Records for this exercise:
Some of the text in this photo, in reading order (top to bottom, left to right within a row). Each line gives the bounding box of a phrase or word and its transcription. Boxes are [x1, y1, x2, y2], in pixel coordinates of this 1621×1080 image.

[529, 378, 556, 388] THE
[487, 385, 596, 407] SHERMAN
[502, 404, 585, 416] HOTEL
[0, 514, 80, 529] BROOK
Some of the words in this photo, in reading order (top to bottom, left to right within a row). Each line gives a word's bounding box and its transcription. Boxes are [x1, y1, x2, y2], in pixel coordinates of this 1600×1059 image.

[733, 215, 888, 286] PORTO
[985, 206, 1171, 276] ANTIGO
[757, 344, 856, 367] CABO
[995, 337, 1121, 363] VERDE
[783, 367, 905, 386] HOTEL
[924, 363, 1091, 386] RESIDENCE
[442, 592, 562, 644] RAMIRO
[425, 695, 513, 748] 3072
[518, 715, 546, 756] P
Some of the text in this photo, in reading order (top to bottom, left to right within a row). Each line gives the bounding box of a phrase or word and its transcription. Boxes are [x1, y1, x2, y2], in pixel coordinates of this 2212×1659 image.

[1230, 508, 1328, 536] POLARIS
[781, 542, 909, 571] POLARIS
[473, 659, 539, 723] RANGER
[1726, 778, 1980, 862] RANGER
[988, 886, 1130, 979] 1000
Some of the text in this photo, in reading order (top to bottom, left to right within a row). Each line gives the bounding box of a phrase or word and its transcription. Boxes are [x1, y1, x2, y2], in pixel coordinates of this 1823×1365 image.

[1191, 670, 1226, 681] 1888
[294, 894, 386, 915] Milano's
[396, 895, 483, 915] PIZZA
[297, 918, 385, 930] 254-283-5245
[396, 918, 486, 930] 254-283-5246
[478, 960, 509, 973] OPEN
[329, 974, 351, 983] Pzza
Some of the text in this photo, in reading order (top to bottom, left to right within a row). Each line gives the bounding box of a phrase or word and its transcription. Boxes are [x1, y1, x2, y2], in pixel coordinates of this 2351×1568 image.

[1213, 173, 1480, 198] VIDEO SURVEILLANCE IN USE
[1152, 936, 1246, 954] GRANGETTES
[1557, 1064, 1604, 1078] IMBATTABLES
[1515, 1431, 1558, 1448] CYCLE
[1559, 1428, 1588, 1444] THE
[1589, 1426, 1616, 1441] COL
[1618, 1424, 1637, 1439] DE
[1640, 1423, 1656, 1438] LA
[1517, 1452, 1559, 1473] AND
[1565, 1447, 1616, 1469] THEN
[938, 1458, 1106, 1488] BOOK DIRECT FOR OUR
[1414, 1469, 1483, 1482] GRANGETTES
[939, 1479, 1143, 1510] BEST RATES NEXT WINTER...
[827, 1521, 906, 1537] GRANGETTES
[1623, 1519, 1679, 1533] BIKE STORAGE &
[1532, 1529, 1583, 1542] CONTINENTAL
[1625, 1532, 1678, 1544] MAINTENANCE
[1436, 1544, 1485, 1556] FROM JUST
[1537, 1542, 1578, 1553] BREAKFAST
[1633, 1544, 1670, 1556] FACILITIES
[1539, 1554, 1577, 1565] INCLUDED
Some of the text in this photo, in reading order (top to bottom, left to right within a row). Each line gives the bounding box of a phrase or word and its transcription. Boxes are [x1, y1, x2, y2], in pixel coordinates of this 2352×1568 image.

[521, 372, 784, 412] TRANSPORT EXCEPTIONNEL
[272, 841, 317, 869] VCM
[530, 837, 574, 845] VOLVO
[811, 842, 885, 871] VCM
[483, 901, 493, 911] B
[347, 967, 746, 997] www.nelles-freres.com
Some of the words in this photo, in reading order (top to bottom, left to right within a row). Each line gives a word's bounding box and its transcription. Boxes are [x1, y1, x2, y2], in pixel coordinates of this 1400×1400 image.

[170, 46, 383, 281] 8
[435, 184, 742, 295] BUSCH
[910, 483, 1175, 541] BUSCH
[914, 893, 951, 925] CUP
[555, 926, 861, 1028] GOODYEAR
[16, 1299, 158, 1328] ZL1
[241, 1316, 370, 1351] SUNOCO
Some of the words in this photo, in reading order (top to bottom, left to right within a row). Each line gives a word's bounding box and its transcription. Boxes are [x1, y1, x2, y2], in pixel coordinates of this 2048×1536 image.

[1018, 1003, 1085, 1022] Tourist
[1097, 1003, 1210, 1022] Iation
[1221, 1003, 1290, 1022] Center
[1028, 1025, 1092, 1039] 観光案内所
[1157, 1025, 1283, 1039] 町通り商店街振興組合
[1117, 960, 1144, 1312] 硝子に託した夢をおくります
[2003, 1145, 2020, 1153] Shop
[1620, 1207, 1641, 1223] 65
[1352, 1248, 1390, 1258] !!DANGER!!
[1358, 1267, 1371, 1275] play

Task description: Each line above is to be reproduced exactly.

Answer space:
Some of the text in this photo, in reading order (top to bottom, left to right within a row). Each line gives the bounding box of a phrase or word and its transcription. Boxes are [x1, y1, x2, y2], in pixel coordinates of this 1621×1080 image.

[529, 378, 556, 388] THE
[487, 385, 596, 407] SHERMAN
[502, 404, 585, 416] HOTEL
[0, 514, 80, 529] BROOK
Some of the words in this photo, in reading order (top to bottom, left to right within a row). Each line gives a word's bounding box and its transcription. Boxes are [x1, y1, x2, y2], in pixel coordinates of this 1600×1059 image.

[733, 215, 888, 286] PORTO
[985, 206, 1171, 276] ANTIGO
[757, 344, 856, 367] CABO
[995, 337, 1121, 363] VERDE
[783, 367, 905, 386] HOTEL
[924, 363, 1091, 386] RESIDENCE
[442, 592, 562, 644] RAMIRO
[425, 695, 513, 748] 3072
[518, 715, 546, 756] P
Some of the text in this photo, in reading order (top to bottom, left to right within a row). Each line gives the bounding box of a phrase or word and its transcription. Boxes are [x1, y1, x2, y2], in pixel coordinates of this 2212×1659 image.

[1230, 508, 1328, 536] POLARIS
[781, 542, 909, 571] POLARIS
[473, 659, 539, 723] RANGER
[1726, 778, 1980, 862] RANGER
[988, 886, 1130, 979] 1000
Some of the text in this photo, in reading order (top to bottom, left to right within a row). Each line gives the bounding box of a phrase or word and its transcription. Boxes are [x1, y1, x2, y2], in pixel coordinates of this 1823×1365 image.

[1191, 670, 1226, 681] 1888
[294, 894, 386, 915] Milano's
[396, 895, 483, 915] PIZZA
[297, 918, 385, 930] 254-283-5245
[396, 918, 486, 930] 254-283-5246
[478, 960, 509, 973] OPEN
[329, 974, 351, 983] Pzza
Some of the text in this photo, in reading order (top to bottom, left to right within a row). Each line gives the bounding box of a phrase or word and its transcription. Boxes are [x1, y1, x2, y2], in pixel coordinates of this 2351×1568 image.

[1213, 173, 1480, 198] VIDEO SURVEILLANCE IN USE
[1152, 936, 1246, 954] GRANGETTES
[1557, 1064, 1604, 1078] IMBATTABLES
[1515, 1431, 1558, 1448] CYCLE
[1559, 1428, 1588, 1444] THE
[1589, 1426, 1616, 1441] COL
[1618, 1424, 1637, 1439] DE
[1640, 1423, 1656, 1438] LA
[1517, 1452, 1559, 1473] AND
[1565, 1447, 1616, 1469] THEN
[938, 1458, 1106, 1488] BOOK DIRECT FOR OUR
[1414, 1469, 1483, 1482] GRANGETTES
[939, 1479, 1143, 1510] BEST RATES NEXT WINTER...
[827, 1521, 906, 1537] GRANGETTES
[1623, 1519, 1679, 1533] BIKE STORAGE &
[1532, 1529, 1583, 1542] CONTINENTAL
[1625, 1532, 1678, 1544] MAINTENANCE
[1436, 1544, 1485, 1556] FROM JUST
[1537, 1542, 1578, 1553] BREAKFAST
[1633, 1544, 1670, 1556] FACILITIES
[1539, 1554, 1577, 1565] INCLUDED
Some of the text in this photo, in reading order (top to bottom, left to right within a row). Each line gives the bounding box of a phrase or word and its transcription. Boxes are [x1, y1, x2, y2], in pixel coordinates of this 2352×1568 image.

[521, 372, 784, 412] TRANSPORT EXCEPTIONNEL
[272, 841, 317, 869] VCM
[530, 837, 574, 845] VOLVO
[811, 842, 885, 871] VCM
[483, 901, 493, 911] B
[347, 967, 746, 997] www.nelles-freres.com
Some of the words in this photo, in reading order (top to bottom, left to right within a row). Each line gives a word's bounding box and its transcription. Boxes are [x1, y1, x2, y2], in pixel coordinates of this 1400×1400 image.

[170, 46, 383, 281] 8
[435, 184, 742, 295] BUSCH
[910, 483, 1175, 541] BUSCH
[914, 893, 951, 925] CUP
[555, 926, 861, 1028] GOODYEAR
[16, 1299, 158, 1328] ZL1
[241, 1316, 370, 1351] SUNOCO
Some of the words in this photo, in reading order (top to bottom, left to right within a row). Each line gives a word's bounding box and its transcription. Boxes are [x1, y1, x2, y2], in pixel coordinates of this 2048×1536 image.

[1018, 1003, 1085, 1022] Tourist
[1097, 1003, 1210, 1022] Iation
[1221, 1003, 1290, 1022] Center
[1028, 1025, 1092, 1039] 観光案内所
[1157, 1025, 1283, 1039] 町通り商店街振興組合
[1117, 960, 1144, 1312] 硝子に託した夢をおくります
[2003, 1145, 2020, 1153] Shop
[1620, 1207, 1641, 1223] 65
[1352, 1248, 1390, 1258] !!DANGER!!
[1358, 1267, 1371, 1275] play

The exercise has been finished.